Is what you see really what you get?
There is a story told about Charles Darwin. Two boys, friends of Darwin, decided to play a joke on him. They caught a butterfly, a grasshopper, a centipede, and a beetle, took parts from each bug, and glued them carefully together into a rather incredible insect. They then put it into a box, presented it to Darwin, and asked him to tell them what kind of bug it was. Darwin looked at it and then at the boys, and with a smile he inquired, "Did it hum when you caught it?"
"Yes it did," they agreed, nudging each other."
"Well," he said, "it is a humbug."
This anecdote contains an important lesson about much of what is promoted as fact in our day-to-day experience. We can all think of examples where our eyes and ears detect what appears to be a true condition that is not true at all, such as the sun rising and setting, or the sky touching the land or water. We are willing to admit the senses' unreliability in discerning the truth about some things, but at other times we act as though these senses were the only instruments for judging what is meaningful and true.
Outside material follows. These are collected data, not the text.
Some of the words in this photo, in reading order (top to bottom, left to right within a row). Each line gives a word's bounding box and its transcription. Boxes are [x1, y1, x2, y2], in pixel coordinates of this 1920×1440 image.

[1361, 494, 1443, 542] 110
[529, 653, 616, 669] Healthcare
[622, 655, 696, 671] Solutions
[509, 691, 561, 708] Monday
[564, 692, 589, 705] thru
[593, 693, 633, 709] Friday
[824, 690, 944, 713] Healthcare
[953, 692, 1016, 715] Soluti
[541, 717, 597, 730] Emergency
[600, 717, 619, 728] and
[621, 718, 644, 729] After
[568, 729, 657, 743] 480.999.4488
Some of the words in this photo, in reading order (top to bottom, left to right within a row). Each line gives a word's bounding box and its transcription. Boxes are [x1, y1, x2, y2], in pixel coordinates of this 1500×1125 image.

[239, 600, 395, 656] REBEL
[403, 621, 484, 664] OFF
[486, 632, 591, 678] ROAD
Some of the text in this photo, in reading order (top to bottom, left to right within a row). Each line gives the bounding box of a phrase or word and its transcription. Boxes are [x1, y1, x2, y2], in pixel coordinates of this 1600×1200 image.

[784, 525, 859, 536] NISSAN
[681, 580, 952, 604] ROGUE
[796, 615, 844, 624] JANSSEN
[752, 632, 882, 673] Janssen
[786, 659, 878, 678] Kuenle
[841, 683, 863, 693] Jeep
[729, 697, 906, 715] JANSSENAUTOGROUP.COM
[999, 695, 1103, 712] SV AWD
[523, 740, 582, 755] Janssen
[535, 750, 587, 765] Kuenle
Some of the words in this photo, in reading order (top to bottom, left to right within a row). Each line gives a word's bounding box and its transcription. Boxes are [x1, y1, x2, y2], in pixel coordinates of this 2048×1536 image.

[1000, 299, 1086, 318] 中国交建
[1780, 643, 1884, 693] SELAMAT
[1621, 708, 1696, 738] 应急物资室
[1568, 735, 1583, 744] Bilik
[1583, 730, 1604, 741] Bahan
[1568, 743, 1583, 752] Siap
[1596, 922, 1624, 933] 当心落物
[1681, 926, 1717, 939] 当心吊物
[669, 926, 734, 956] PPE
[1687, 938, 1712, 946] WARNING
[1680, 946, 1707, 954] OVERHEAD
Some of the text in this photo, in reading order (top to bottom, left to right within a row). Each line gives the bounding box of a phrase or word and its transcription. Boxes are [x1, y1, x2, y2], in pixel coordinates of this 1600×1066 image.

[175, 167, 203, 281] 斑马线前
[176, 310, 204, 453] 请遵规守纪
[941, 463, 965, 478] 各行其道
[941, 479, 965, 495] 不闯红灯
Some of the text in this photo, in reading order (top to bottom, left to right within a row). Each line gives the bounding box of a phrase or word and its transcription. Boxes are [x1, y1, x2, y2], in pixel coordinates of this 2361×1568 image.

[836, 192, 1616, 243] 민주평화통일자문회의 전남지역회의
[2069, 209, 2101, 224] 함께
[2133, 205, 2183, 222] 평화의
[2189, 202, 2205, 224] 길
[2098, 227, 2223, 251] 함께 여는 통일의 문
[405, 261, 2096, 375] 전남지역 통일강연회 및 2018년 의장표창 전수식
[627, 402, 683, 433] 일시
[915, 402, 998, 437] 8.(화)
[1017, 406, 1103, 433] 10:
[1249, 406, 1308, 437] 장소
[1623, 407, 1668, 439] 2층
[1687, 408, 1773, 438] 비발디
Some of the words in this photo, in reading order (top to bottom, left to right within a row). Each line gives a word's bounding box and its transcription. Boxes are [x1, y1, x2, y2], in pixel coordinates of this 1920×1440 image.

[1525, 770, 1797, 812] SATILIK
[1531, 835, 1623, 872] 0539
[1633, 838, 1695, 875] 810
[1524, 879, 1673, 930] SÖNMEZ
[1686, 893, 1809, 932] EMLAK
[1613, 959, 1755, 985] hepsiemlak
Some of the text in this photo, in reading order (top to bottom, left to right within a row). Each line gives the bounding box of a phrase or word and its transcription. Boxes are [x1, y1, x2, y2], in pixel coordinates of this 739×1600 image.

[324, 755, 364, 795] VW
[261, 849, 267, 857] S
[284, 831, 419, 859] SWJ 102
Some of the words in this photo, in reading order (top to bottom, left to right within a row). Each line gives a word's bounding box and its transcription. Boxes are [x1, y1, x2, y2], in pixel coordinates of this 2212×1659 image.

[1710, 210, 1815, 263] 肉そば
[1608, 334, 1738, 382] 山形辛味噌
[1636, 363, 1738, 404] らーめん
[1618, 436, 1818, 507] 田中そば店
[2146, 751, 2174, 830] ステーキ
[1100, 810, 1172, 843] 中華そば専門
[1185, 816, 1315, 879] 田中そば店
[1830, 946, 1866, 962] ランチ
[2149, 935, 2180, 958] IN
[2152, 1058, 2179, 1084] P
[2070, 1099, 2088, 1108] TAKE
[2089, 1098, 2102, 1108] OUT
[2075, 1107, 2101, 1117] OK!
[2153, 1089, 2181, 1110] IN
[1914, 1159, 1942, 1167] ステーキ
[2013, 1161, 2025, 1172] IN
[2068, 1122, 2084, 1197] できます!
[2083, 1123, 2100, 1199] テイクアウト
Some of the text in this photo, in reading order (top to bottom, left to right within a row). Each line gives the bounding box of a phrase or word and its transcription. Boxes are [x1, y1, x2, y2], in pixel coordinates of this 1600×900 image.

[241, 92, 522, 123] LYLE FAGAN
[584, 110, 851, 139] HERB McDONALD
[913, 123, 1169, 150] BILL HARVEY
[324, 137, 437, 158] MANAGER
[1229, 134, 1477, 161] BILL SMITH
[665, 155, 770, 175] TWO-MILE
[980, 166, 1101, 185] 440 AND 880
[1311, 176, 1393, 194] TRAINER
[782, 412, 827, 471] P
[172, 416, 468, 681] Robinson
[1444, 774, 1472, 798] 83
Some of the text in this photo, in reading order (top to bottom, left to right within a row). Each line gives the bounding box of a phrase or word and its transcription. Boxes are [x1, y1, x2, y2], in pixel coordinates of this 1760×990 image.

Of greatest significance perhaps is the way we identify ourselves and others. If we perceive man only as biological, controlled by laws of matter, we are accepting a very limited concept, and one that is actually incorrect according to Scripture.
In numerous instances Christ Jesus showed that what the senses perceive as real conditions, such as discord, lack, disease, and death, are, in the final analysis, illusions resulting from ignorance of the spiritual nature of life. Jesus never appears to have accepted what the material senses depicted as conclusive. Instead, he recognized life as proceeding from Spirit, God, whom he referred to as his Father. He taught what today we take for granted as a fundamental law—like produces like—and, therefore, that the perfect cause, God, divine Spirit, must have a spiritual and perfect effect.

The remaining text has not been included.